**** ENTRIES SUPPLIED

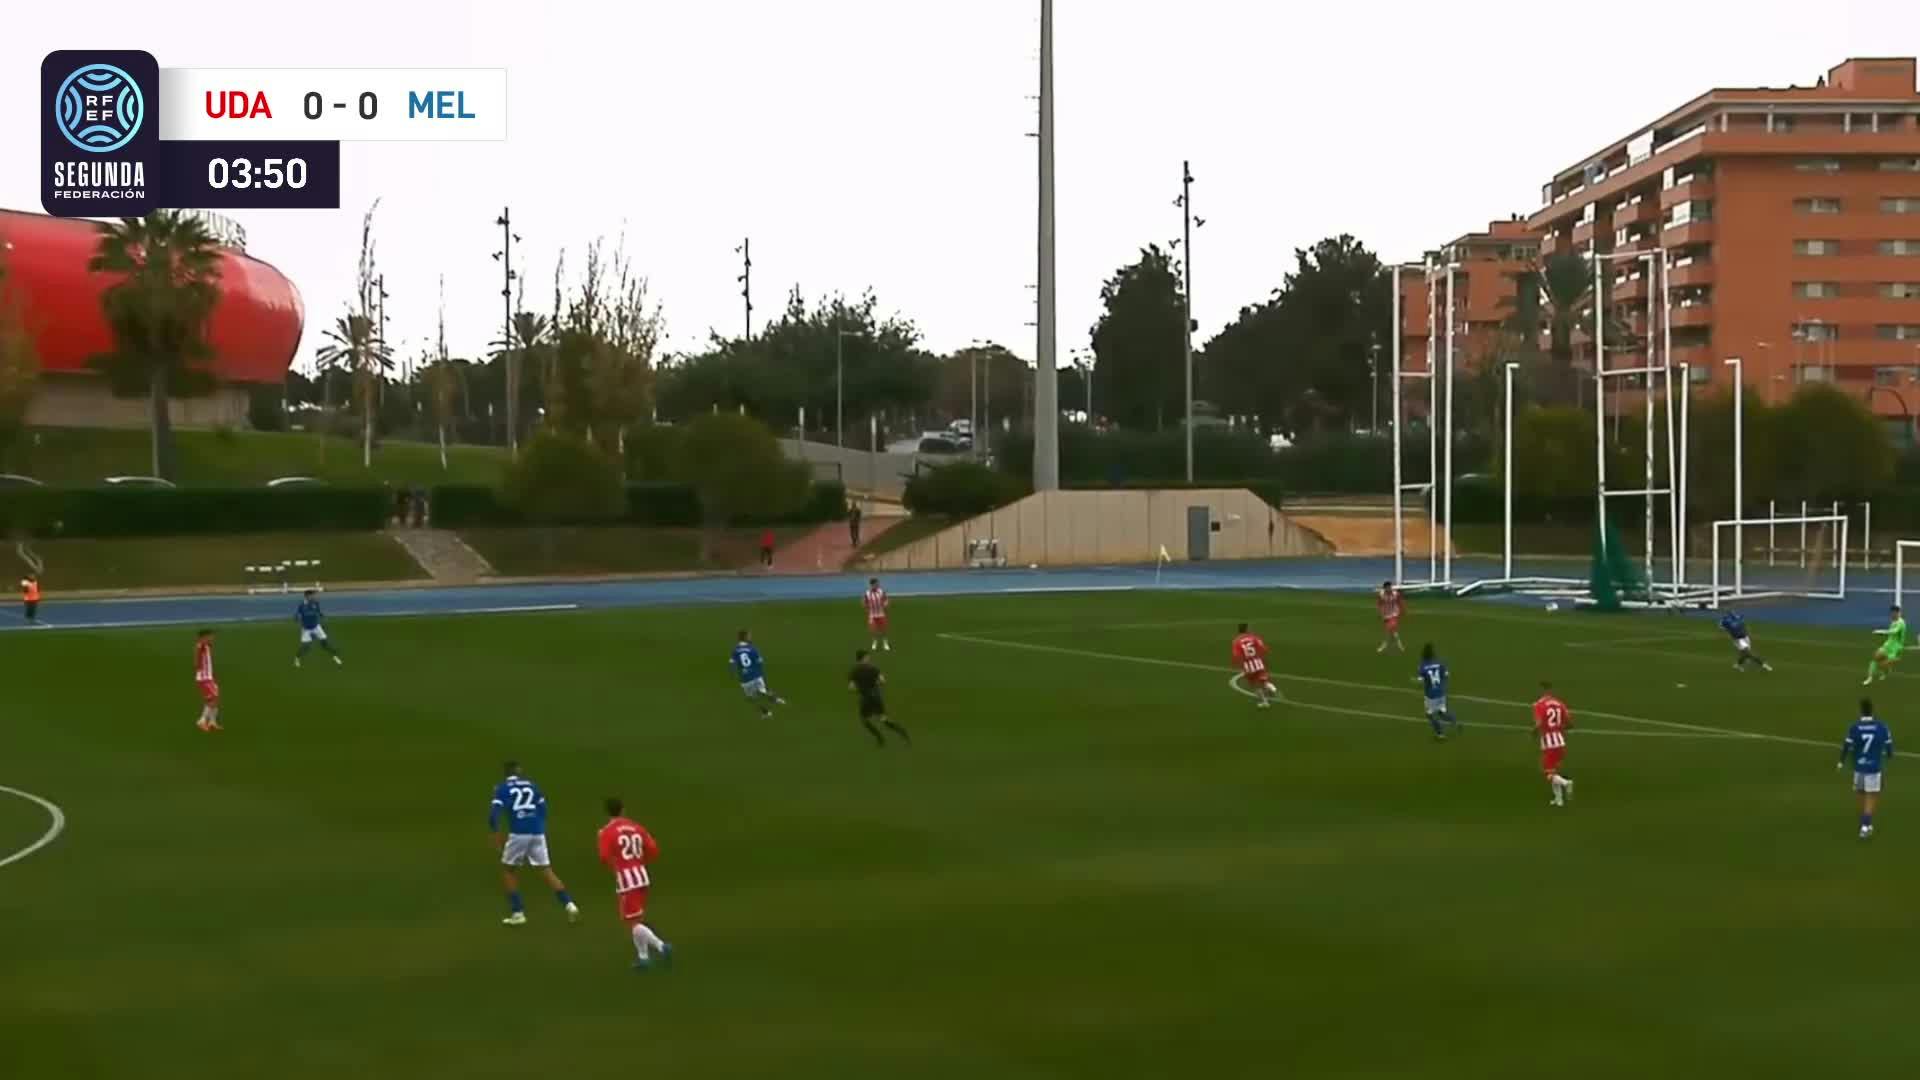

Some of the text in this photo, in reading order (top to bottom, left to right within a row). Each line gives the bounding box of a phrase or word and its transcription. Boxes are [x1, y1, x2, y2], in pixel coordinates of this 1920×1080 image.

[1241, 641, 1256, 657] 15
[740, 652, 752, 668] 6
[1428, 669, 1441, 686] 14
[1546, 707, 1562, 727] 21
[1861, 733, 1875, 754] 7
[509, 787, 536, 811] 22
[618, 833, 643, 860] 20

********

TASK DIRECTIONS: Each record above is to be restated exactly, with its pictures removed from the copy.

SOLUTION TO THIS PROBLEM:
Some of the text in this photo, in reading order (top to bottom, left to right within a row). Each line gives the bounding box of a phrase or word and its transcription. Boxes are [x1, y1, x2, y2], in pixel coordinates of this 1920×1080 image.

[1241, 641, 1256, 657] 15
[740, 652, 752, 668] 6
[1428, 669, 1441, 686] 14
[1546, 707, 1562, 727] 21
[1861, 733, 1875, 754] 7
[509, 787, 536, 811] 22
[618, 833, 643, 860] 20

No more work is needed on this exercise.